==== PROVIDED DATA
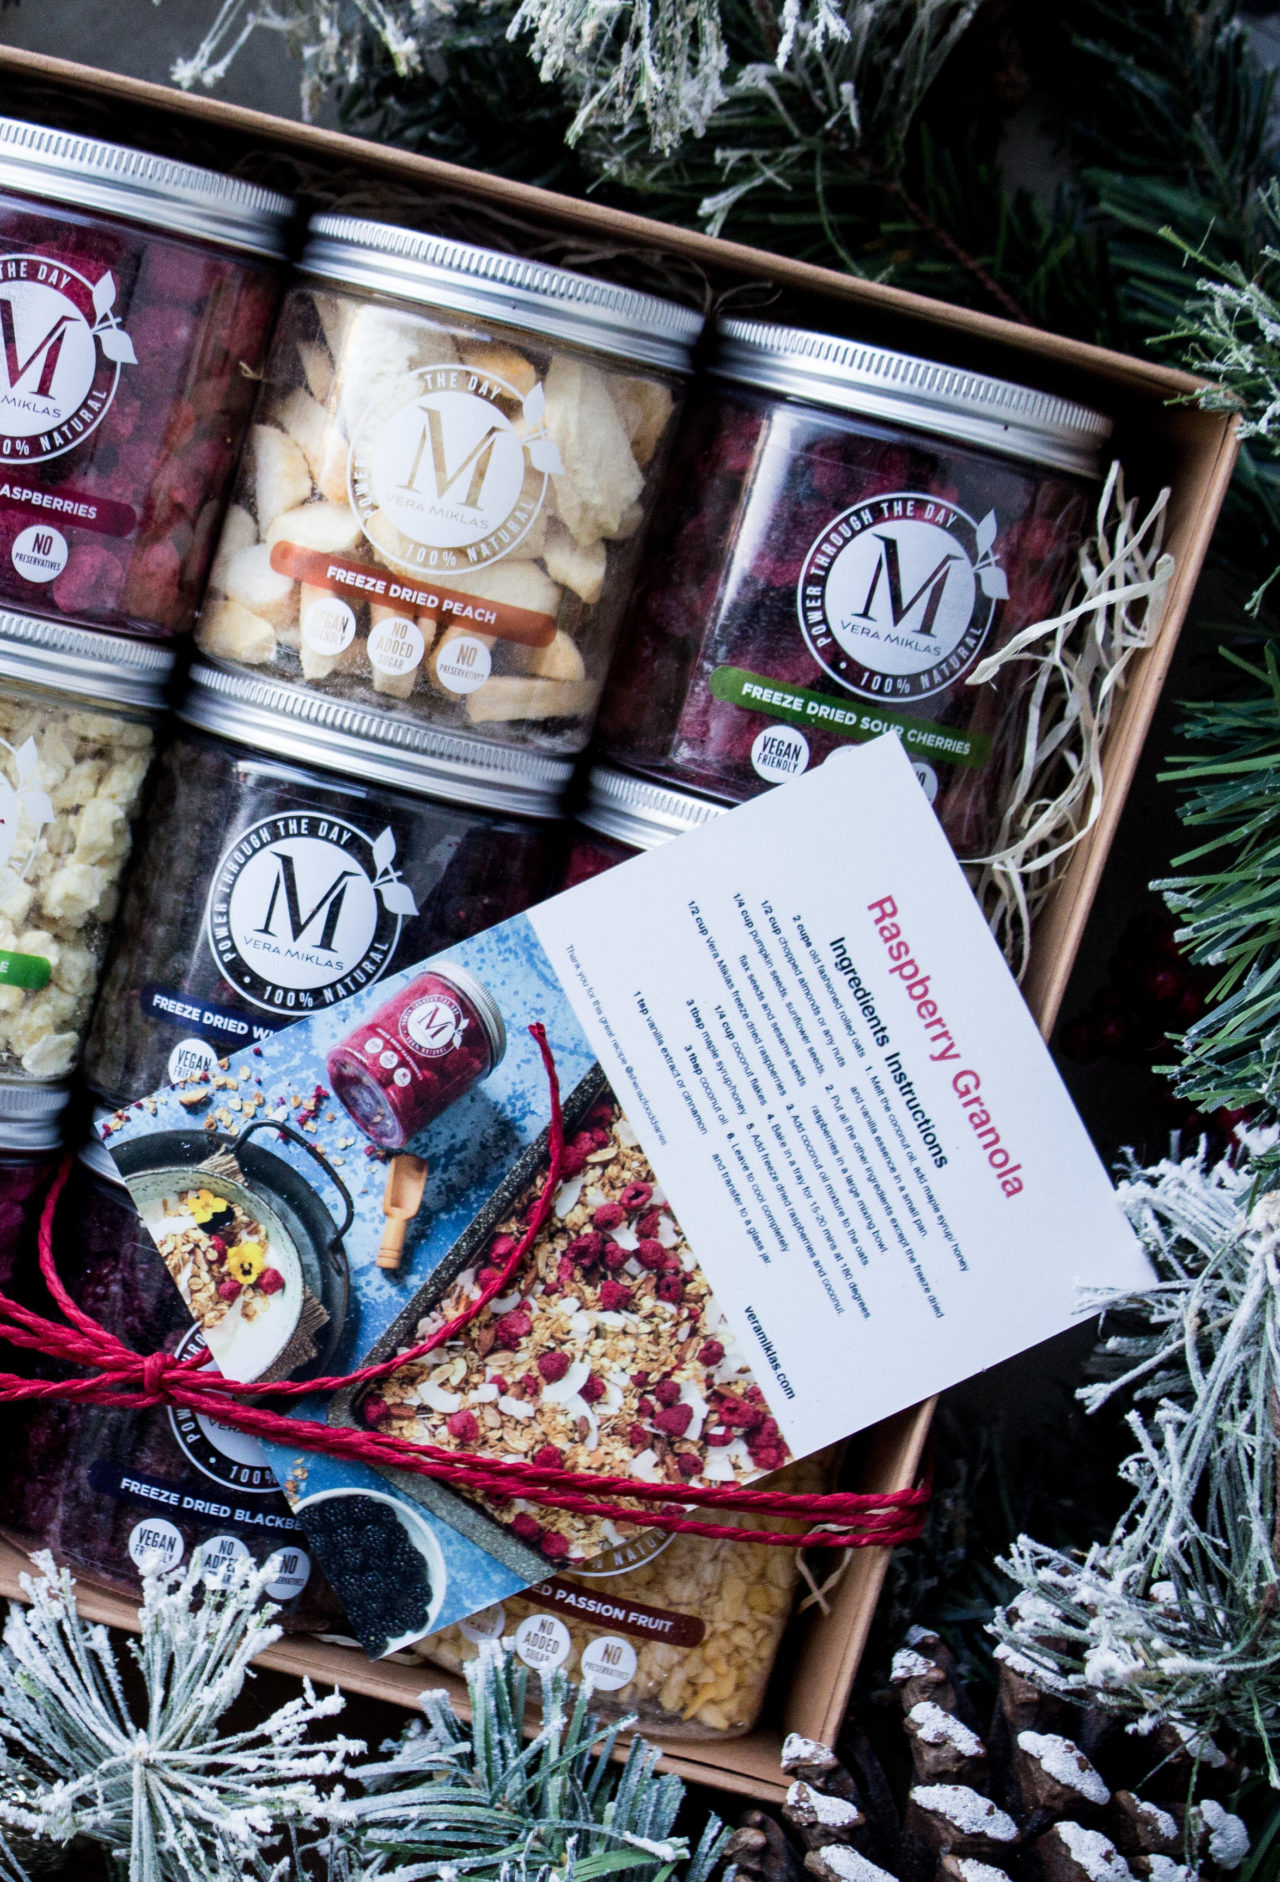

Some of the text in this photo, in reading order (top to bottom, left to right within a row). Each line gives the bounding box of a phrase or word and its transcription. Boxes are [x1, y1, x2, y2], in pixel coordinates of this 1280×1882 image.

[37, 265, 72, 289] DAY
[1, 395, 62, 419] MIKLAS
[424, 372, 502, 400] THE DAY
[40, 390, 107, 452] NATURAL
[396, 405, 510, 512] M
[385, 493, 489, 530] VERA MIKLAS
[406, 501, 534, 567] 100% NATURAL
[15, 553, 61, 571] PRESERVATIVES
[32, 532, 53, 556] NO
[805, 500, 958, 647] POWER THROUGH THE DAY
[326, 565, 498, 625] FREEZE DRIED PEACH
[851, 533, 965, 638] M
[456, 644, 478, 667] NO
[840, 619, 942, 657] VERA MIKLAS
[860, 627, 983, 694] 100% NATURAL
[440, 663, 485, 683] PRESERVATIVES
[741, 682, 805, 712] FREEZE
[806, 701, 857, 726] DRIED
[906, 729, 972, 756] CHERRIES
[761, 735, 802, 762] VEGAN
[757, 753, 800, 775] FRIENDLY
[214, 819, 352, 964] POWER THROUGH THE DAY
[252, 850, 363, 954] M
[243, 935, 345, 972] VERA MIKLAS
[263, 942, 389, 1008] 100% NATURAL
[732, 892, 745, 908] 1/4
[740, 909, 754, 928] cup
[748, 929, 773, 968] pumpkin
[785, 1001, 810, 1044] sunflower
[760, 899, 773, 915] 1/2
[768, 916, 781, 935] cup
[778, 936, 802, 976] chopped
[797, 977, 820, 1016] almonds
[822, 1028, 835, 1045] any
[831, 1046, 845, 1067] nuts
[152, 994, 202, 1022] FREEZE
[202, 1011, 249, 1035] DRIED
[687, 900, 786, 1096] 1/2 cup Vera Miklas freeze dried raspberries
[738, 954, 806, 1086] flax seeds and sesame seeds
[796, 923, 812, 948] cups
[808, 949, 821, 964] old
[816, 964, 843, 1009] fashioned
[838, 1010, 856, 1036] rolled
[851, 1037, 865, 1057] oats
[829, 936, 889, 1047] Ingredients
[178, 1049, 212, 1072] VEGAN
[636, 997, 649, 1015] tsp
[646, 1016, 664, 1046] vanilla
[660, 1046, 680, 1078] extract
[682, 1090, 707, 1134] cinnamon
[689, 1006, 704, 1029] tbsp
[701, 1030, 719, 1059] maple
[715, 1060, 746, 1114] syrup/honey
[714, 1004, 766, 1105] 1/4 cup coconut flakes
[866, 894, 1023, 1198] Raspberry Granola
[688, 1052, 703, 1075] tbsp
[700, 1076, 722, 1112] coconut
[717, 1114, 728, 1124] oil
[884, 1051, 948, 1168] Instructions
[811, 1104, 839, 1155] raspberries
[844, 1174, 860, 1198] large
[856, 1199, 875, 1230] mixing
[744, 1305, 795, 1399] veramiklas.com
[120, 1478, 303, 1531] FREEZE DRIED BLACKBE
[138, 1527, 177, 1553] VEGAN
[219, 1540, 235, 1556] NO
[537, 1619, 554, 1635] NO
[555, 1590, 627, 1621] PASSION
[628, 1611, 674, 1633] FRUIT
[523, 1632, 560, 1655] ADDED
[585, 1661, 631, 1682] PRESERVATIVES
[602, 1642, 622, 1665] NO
========
= EXERCISE DETAILS =
Report each line of the records that holds the word "raspberries".

= OUTPUT FOR THIS TASK =
[687, 900, 786, 1096] 1/2 cup Vera Miklas freeze dried raspberries
[811, 1104, 839, 1155] raspberries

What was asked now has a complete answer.